── Data under study ──
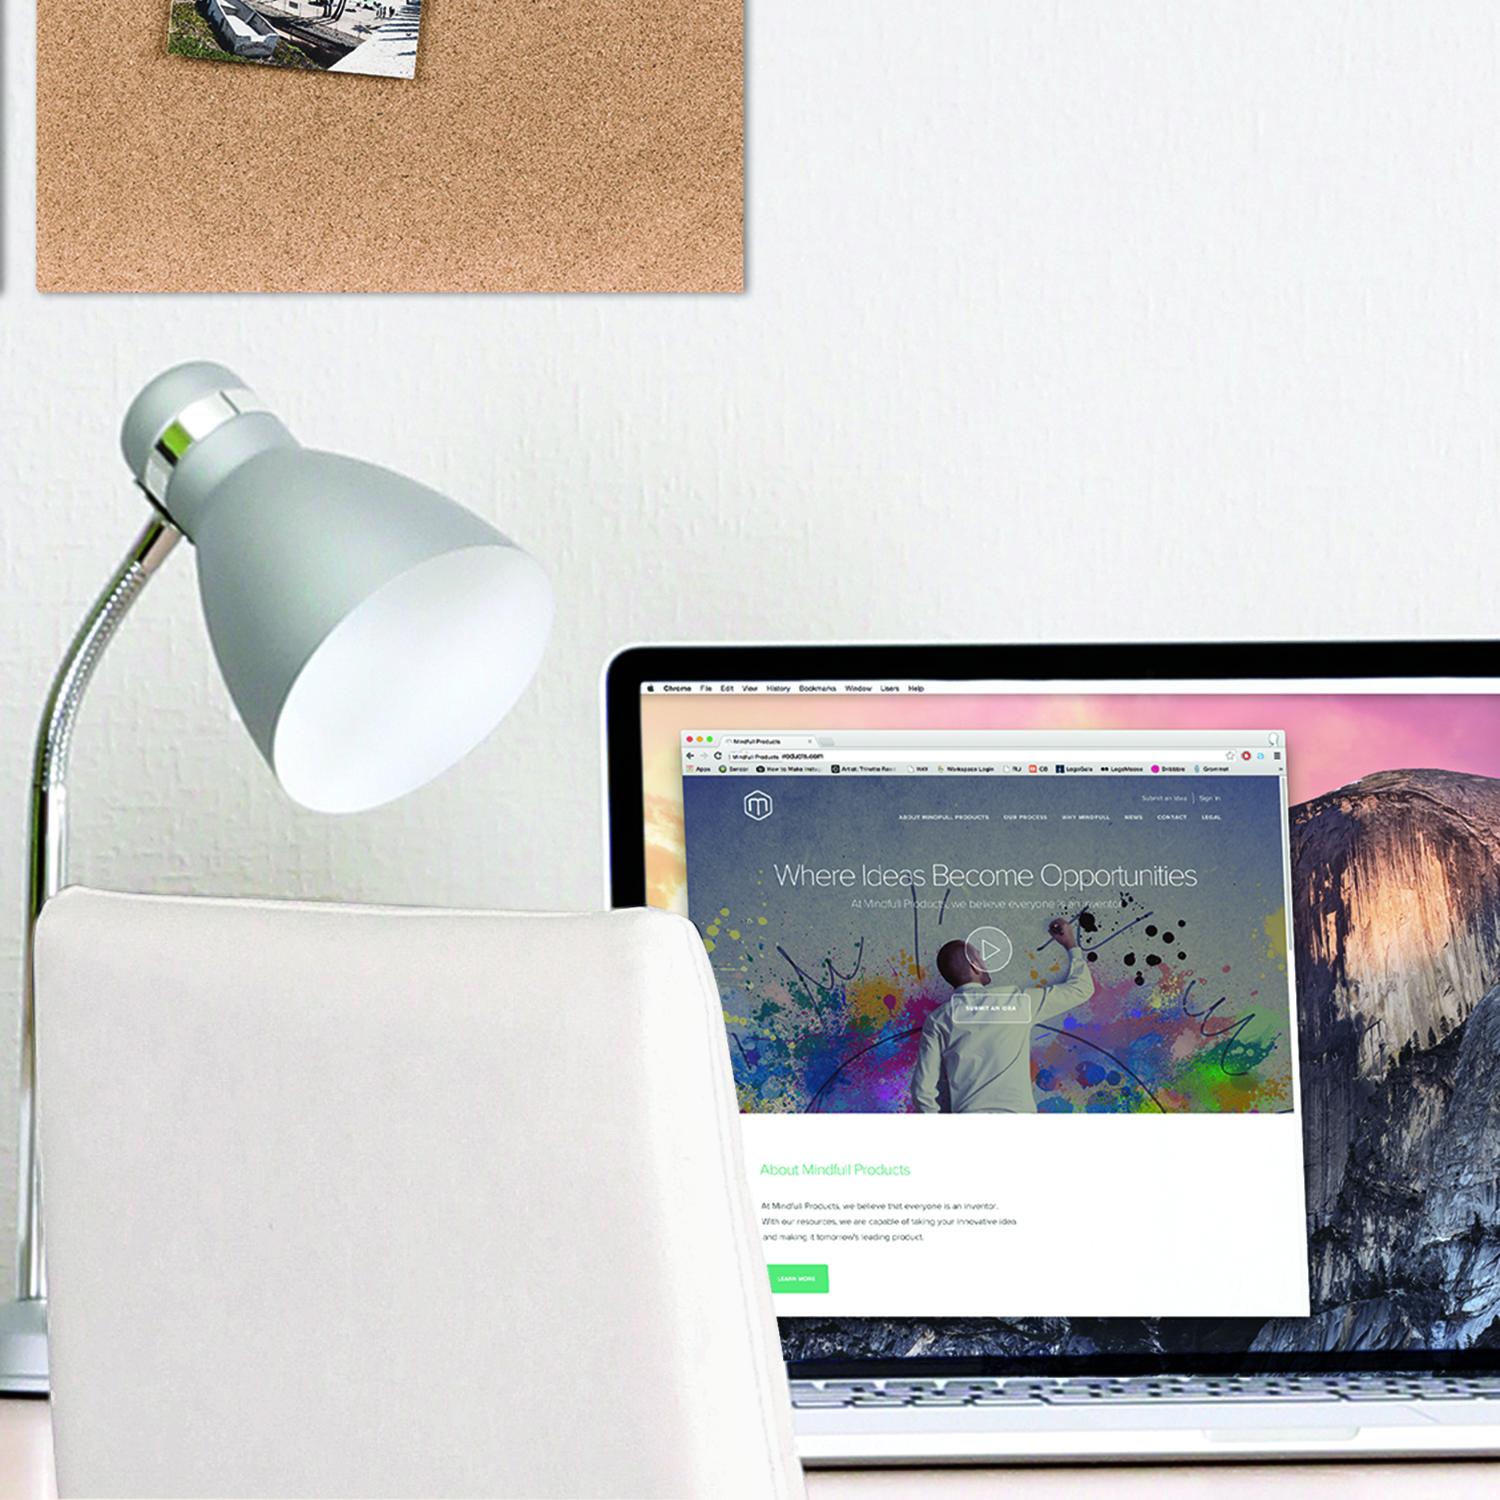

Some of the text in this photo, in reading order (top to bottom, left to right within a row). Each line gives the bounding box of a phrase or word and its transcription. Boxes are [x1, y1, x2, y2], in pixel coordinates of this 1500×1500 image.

[663, 684, 692, 692] Chrome
[700, 684, 712, 692] File
[720, 684, 734, 692] Edit
[742, 684, 758, 692] View
[766, 684, 791, 693] History
[799, 684, 837, 692] Bookmarks
[845, 684, 873, 692] Window
[908, 684, 925, 693] Help
[774, 863, 1198, 891] Where Ideas Become Opportunities
[851, 900, 861, 908] At
[969, 900, 1006, 908] believe
[1008, 901, 1055, 910] everyone
[760, 1164, 910, 1176] About Mindfull Products
[868, 1218, 899, 1226] capable
[911, 1218, 935, 1226] taking
[779, 1234, 807, 1242] making
[861, 1234, 890, 1242] leading
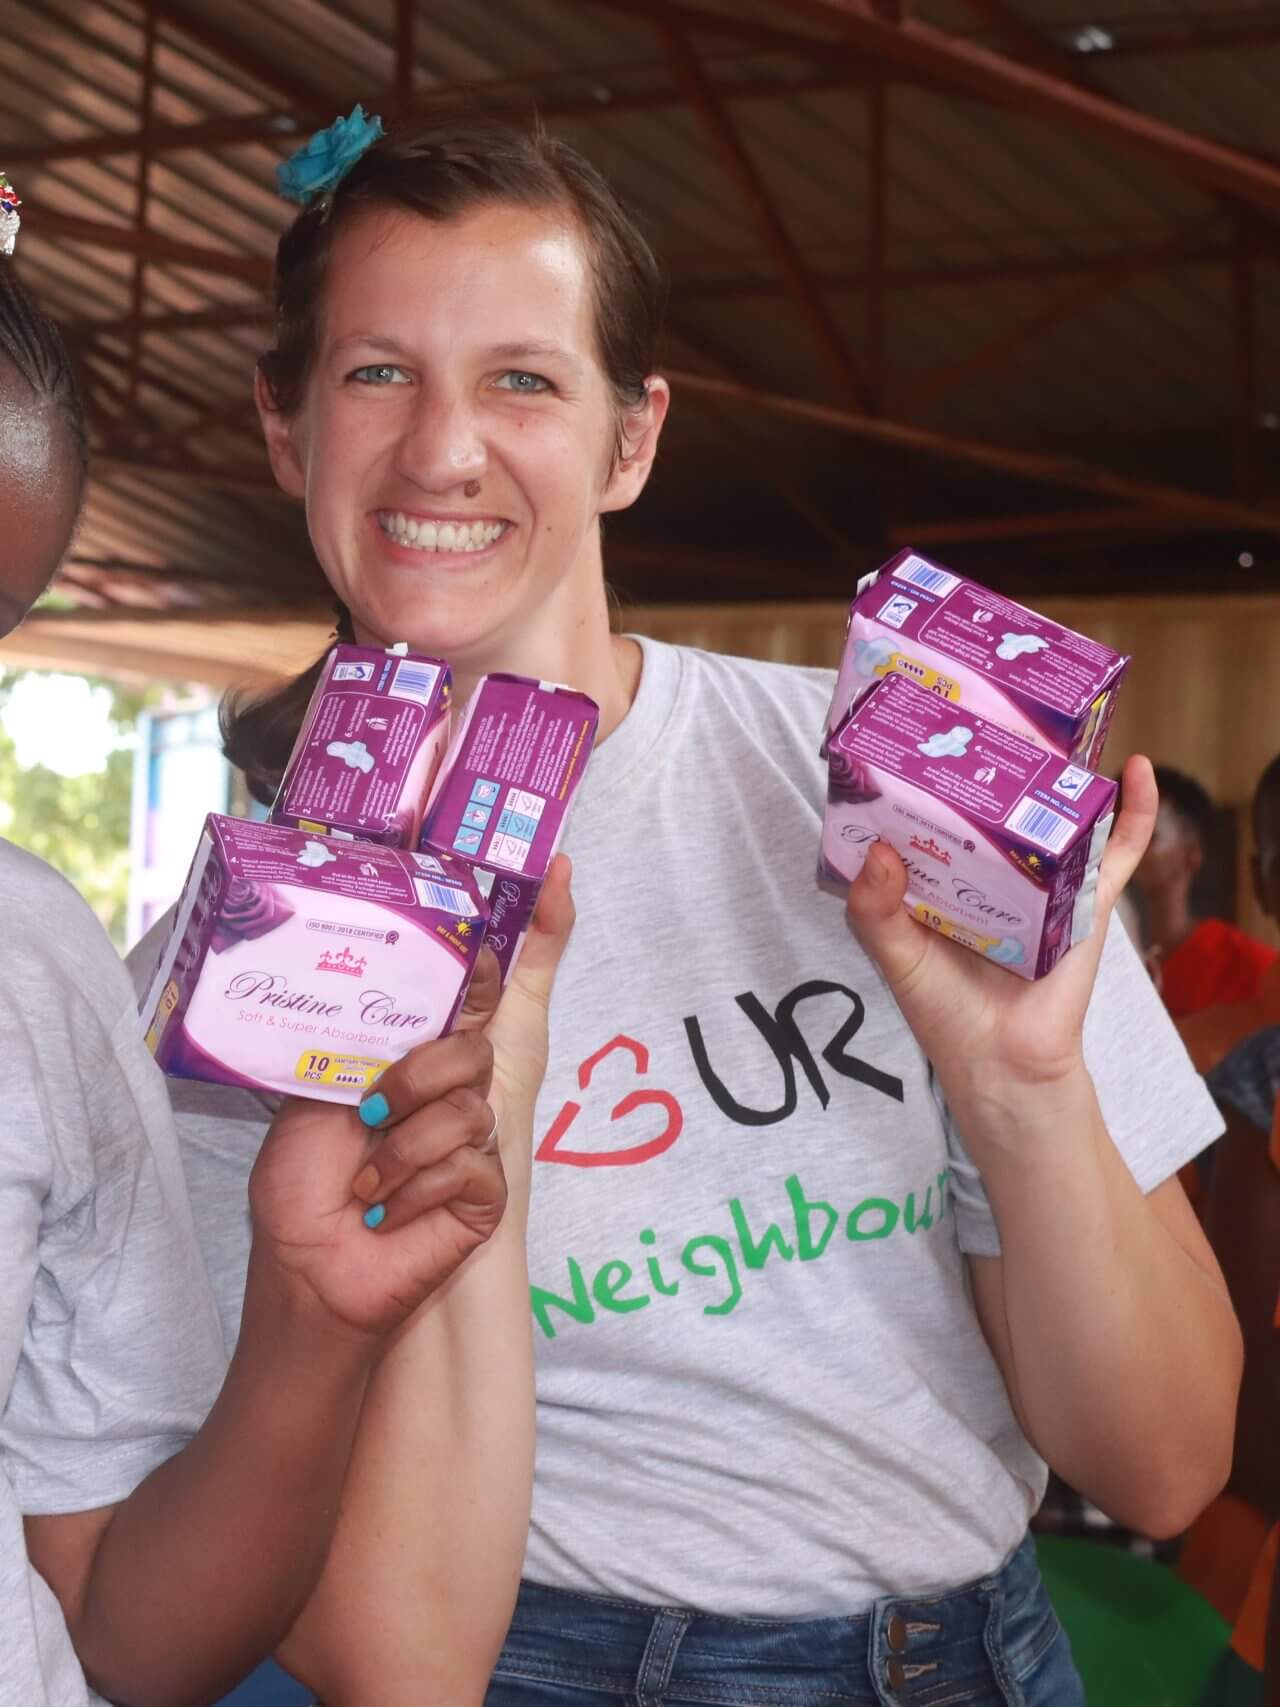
───
■ **What the task requires**
In repeating the lines above, keep the wording exact and leave every picture out.

■ **Answer**
Some of the text in this photo, in reading order (top to bottom, left to right within a row). Each line gives the bounding box of a phrase or word and its transcription. Boxes are [x1, y1, x2, y2], in pixel coordinates of this 1500×1500 image.

[663, 684, 692, 692] Chrome
[700, 684, 712, 692] File
[720, 684, 734, 692] Edit
[742, 684, 758, 692] View
[766, 684, 791, 693] History
[799, 684, 837, 692] Bookmarks
[845, 684, 873, 692] Window
[908, 684, 925, 693] Help
[774, 863, 1198, 891] Where Ideas Become Opportunities
[851, 900, 861, 908] At
[969, 900, 1006, 908] believe
[1008, 901, 1055, 910] everyone
[760, 1164, 910, 1176] About Mindfull Products
[868, 1218, 899, 1226] capable
[911, 1218, 935, 1226] taking
[779, 1234, 807, 1242] making
[861, 1234, 890, 1242] leading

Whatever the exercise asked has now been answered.